◆ **What you need to do**:
Having found the line that contains "Some of the text", please retype only it and every line after it up to the end of the entries, exactly as written.
Material for the task Block Start
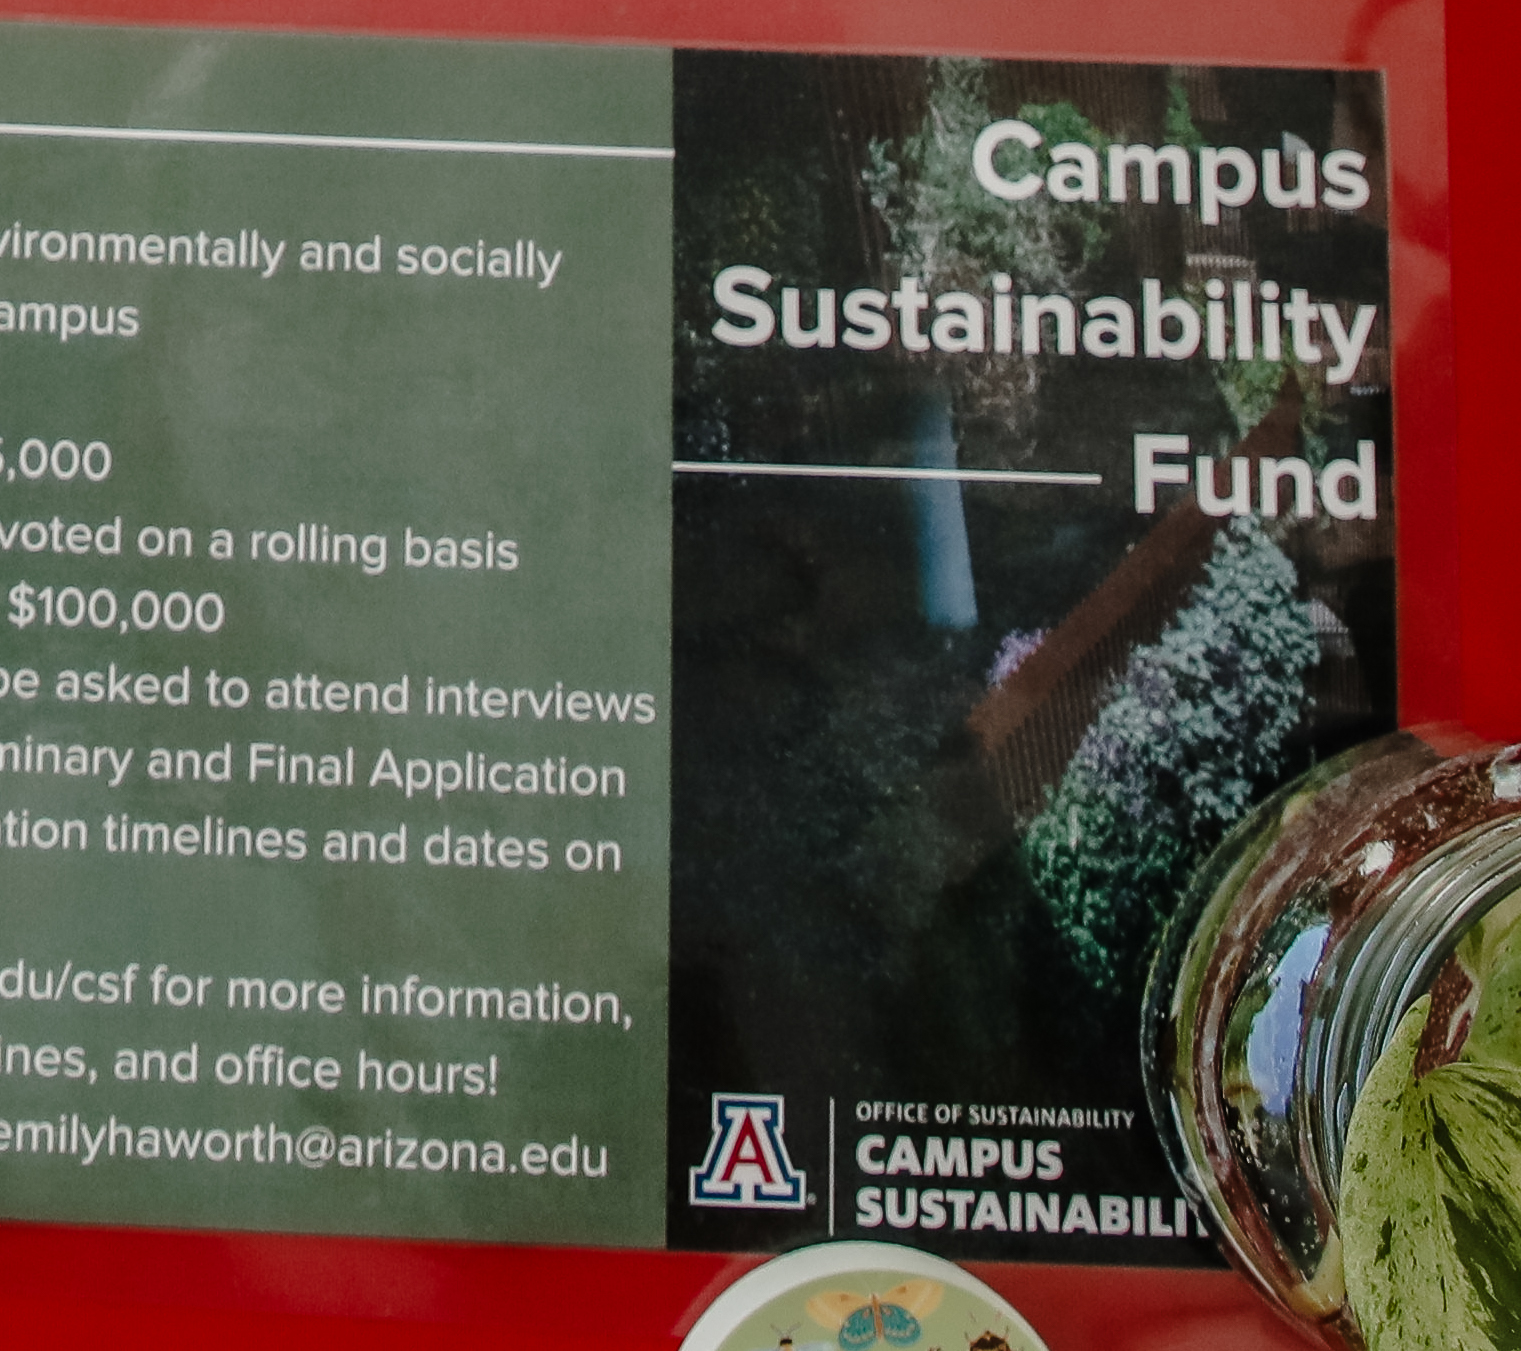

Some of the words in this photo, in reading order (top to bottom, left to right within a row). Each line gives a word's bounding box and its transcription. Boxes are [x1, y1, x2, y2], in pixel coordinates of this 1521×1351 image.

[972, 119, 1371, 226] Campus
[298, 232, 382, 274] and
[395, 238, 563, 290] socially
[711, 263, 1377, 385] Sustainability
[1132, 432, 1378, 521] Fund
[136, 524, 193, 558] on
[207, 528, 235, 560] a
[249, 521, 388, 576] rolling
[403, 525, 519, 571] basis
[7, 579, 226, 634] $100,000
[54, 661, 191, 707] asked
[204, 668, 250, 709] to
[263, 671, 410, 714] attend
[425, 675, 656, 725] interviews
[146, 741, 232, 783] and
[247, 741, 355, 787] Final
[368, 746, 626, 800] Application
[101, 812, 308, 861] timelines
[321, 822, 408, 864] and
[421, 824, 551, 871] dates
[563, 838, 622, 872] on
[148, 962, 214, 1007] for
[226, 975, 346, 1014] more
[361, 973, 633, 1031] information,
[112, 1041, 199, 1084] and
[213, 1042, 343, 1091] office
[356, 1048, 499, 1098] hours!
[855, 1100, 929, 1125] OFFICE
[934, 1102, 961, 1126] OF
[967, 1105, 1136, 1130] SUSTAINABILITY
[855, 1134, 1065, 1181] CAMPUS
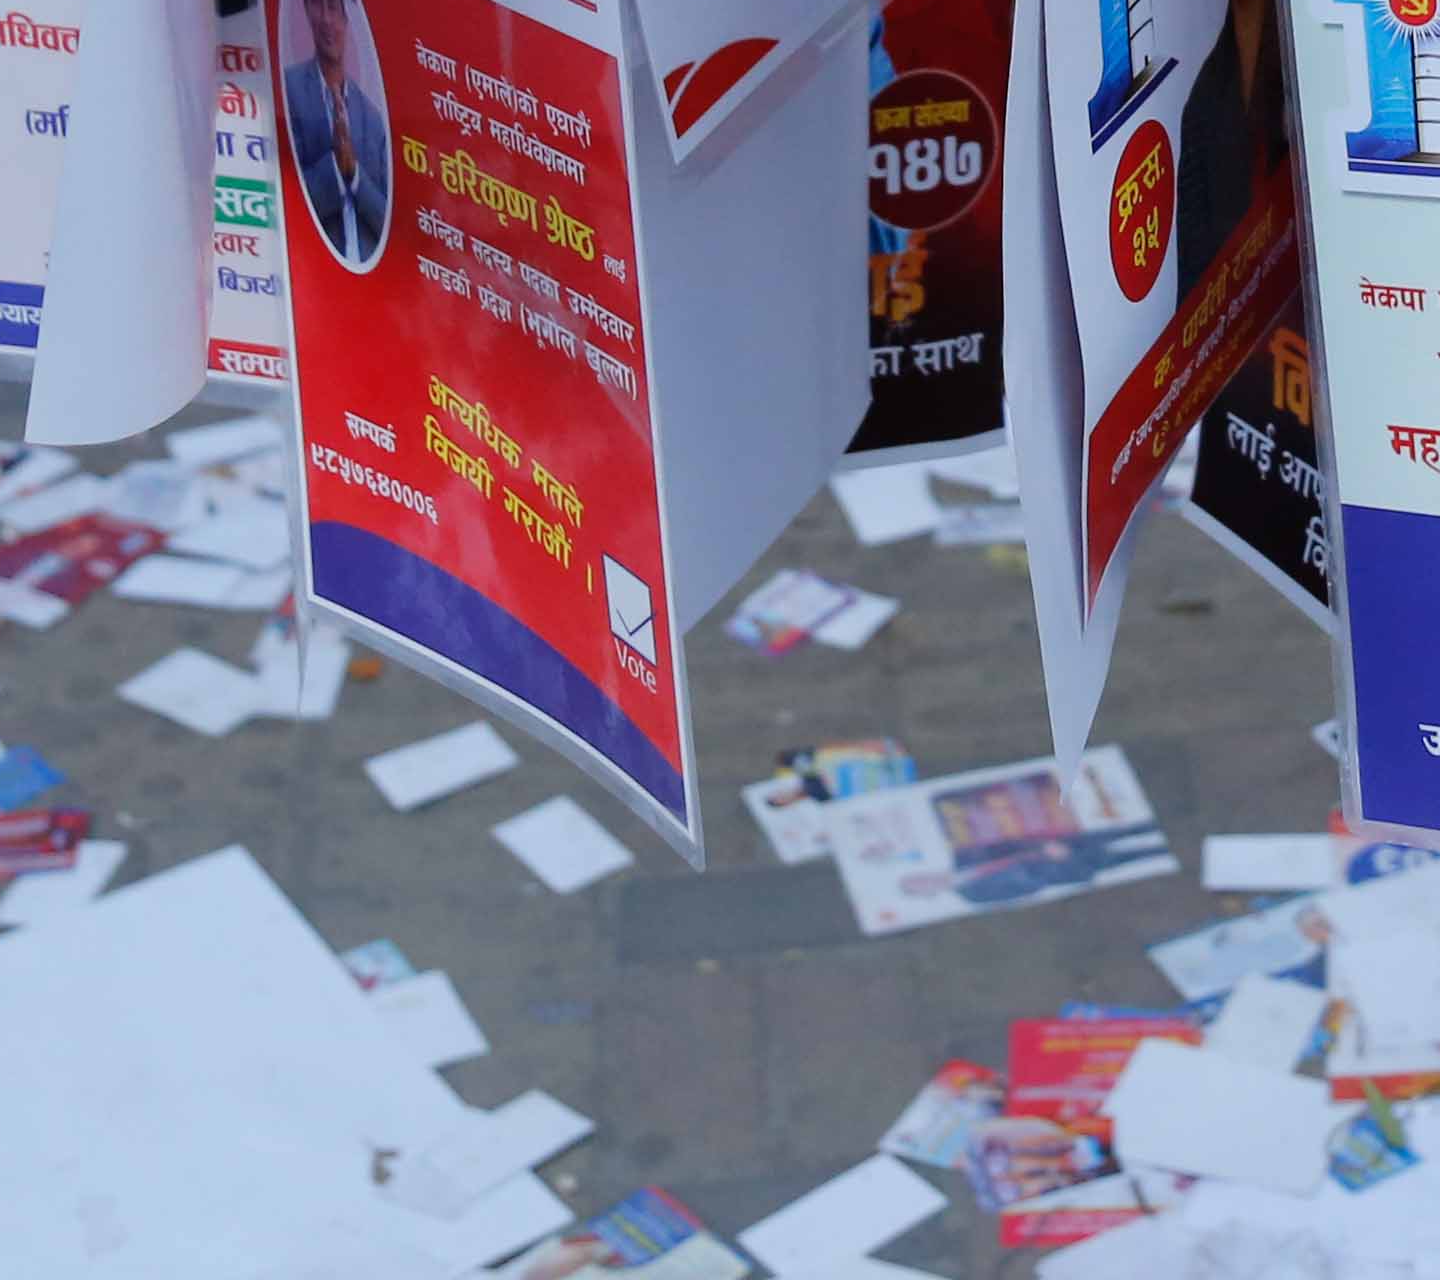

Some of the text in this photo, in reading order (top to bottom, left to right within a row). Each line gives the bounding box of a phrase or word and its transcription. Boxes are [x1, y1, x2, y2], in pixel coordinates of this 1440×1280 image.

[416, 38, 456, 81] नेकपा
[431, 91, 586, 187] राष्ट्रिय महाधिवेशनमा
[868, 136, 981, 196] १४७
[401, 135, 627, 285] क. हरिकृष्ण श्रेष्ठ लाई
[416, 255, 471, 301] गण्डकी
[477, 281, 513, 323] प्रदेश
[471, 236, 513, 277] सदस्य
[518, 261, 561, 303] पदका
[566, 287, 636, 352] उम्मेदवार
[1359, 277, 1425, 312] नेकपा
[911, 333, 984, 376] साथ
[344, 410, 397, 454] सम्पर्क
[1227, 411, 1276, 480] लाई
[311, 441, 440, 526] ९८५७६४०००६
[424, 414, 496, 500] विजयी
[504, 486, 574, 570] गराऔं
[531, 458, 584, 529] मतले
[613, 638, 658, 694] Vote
Material for the task Block End
◆ **Solution**:
Some of the text in this photo, in reading order (top to bottom, left to right within a row). Each line gives the bounding box of a phrase or word and its transcription. Boxes are [x1, y1, x2, y2], in pixel coordinates of this 1440×1280 image.

[416, 38, 456, 81] नेकपा
[431, 91, 586, 187] राष्ट्रिय महाधिवेशनमा
[868, 136, 981, 196] १४७
[401, 135, 627, 285] क. हरिकृष्ण श्रेष्ठ लाई
[416, 255, 471, 301] गण्डकी
[477, 281, 513, 323] प्रदेश
[471, 236, 513, 277] सदस्य
[518, 261, 561, 303] पदका
[566, 287, 636, 352] उम्मेदवार
[1359, 277, 1425, 312] नेकपा
[911, 333, 984, 376] साथ
[344, 410, 397, 454] सम्पर्क
[1227, 411, 1276, 480] लाई
[311, 441, 440, 526] ९८५७६४०००६
[424, 414, 496, 500] विजयी
[504, 486, 574, 570] गराऔं
[531, 458, 584, 529] मतले
[613, 638, 658, 694] Vote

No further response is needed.